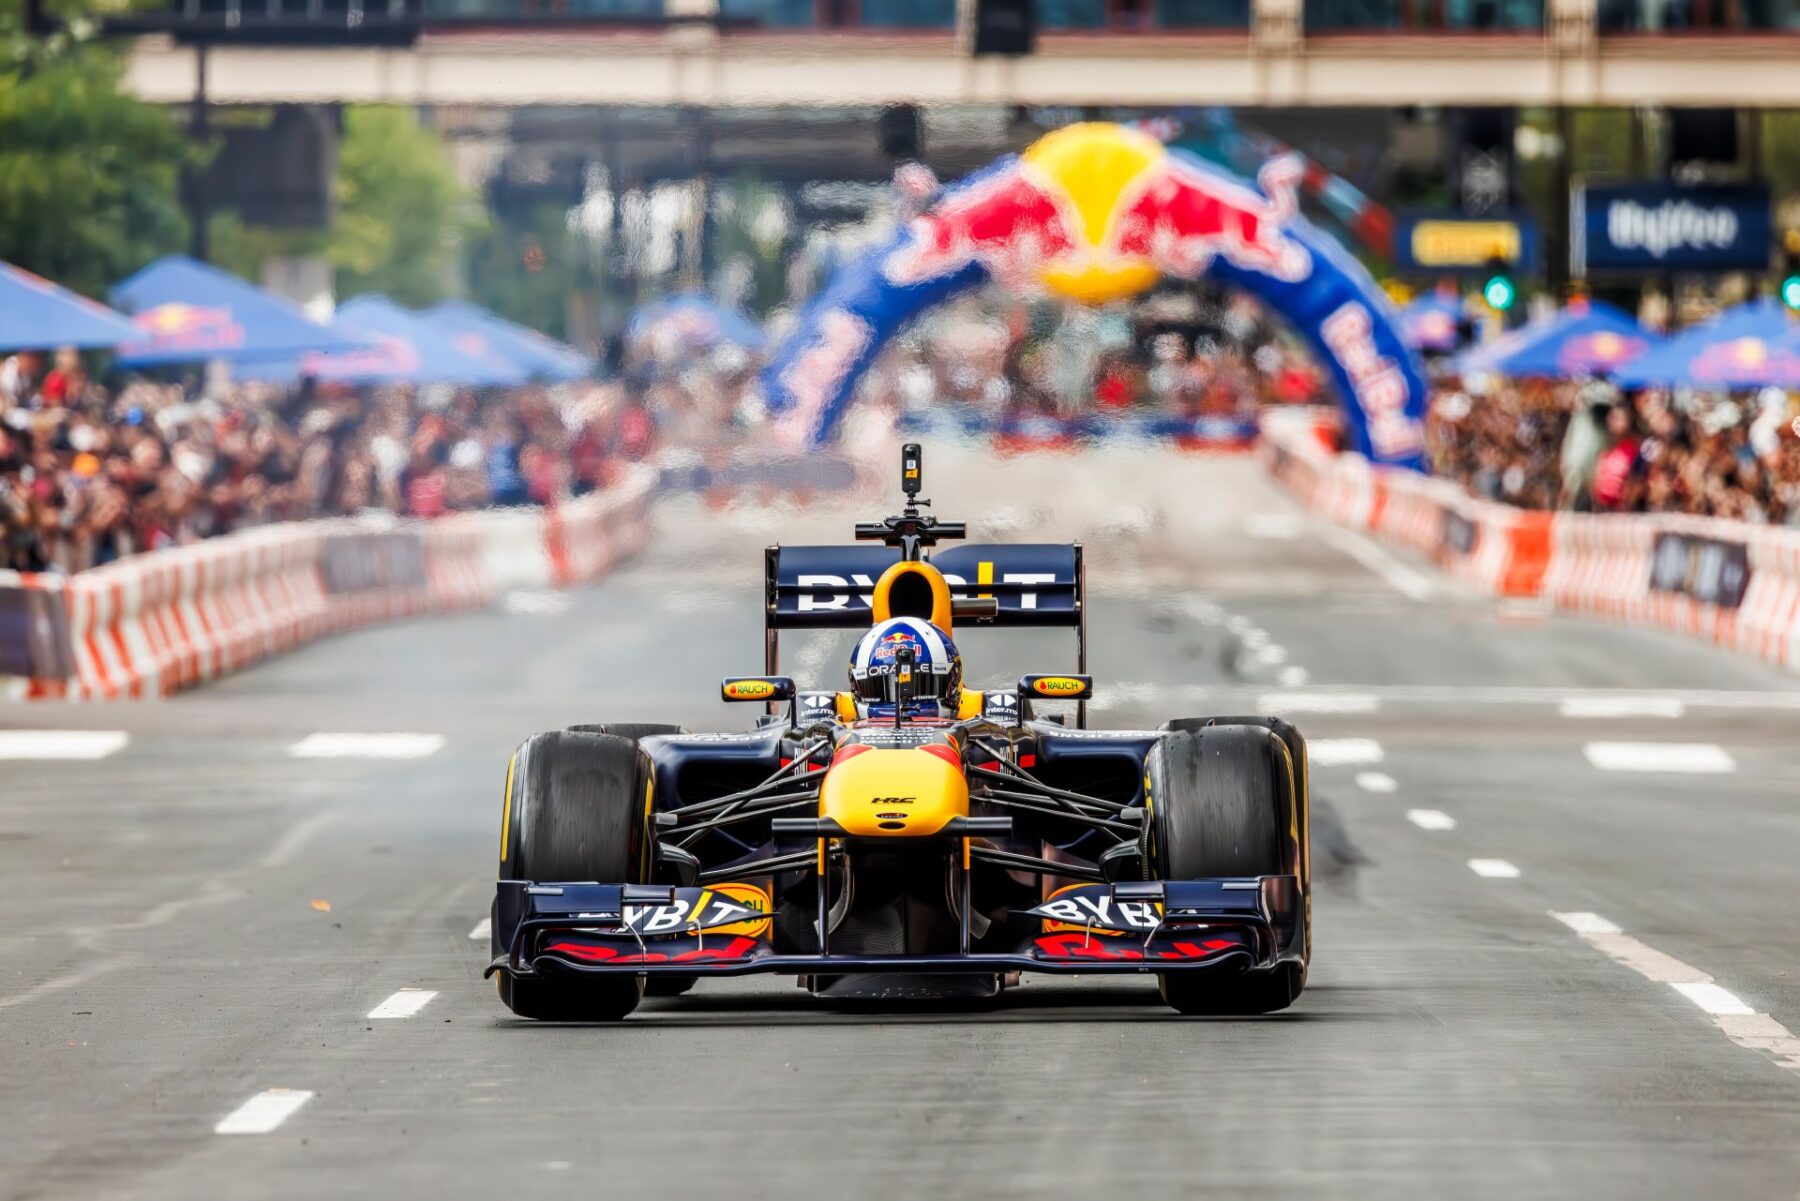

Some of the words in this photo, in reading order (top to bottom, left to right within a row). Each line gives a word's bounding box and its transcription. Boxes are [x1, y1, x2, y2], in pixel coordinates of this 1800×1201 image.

[868, 663, 930, 676] ORAE
[737, 685, 768, 694] RAUCH
[1047, 681, 1079, 690] RAUCH
[571, 891, 749, 932] YBIT
[1039, 895, 1208, 929] BYB
____
TASK BRIEF:
Output the listing above in full, exactly. No images.

ANSWER SECTION:
Some of the words in this photo, in reading order (top to bottom, left to right within a row). Each line gives a word's bounding box and its transcription. Boxes are [x1, y1, x2, y2], in pixel coordinates of this 1800×1201 image.

[868, 663, 930, 676] ORAE
[737, 685, 768, 694] RAUCH
[1047, 681, 1079, 690] RAUCH
[571, 891, 749, 932] YBIT
[1039, 895, 1208, 929] BYB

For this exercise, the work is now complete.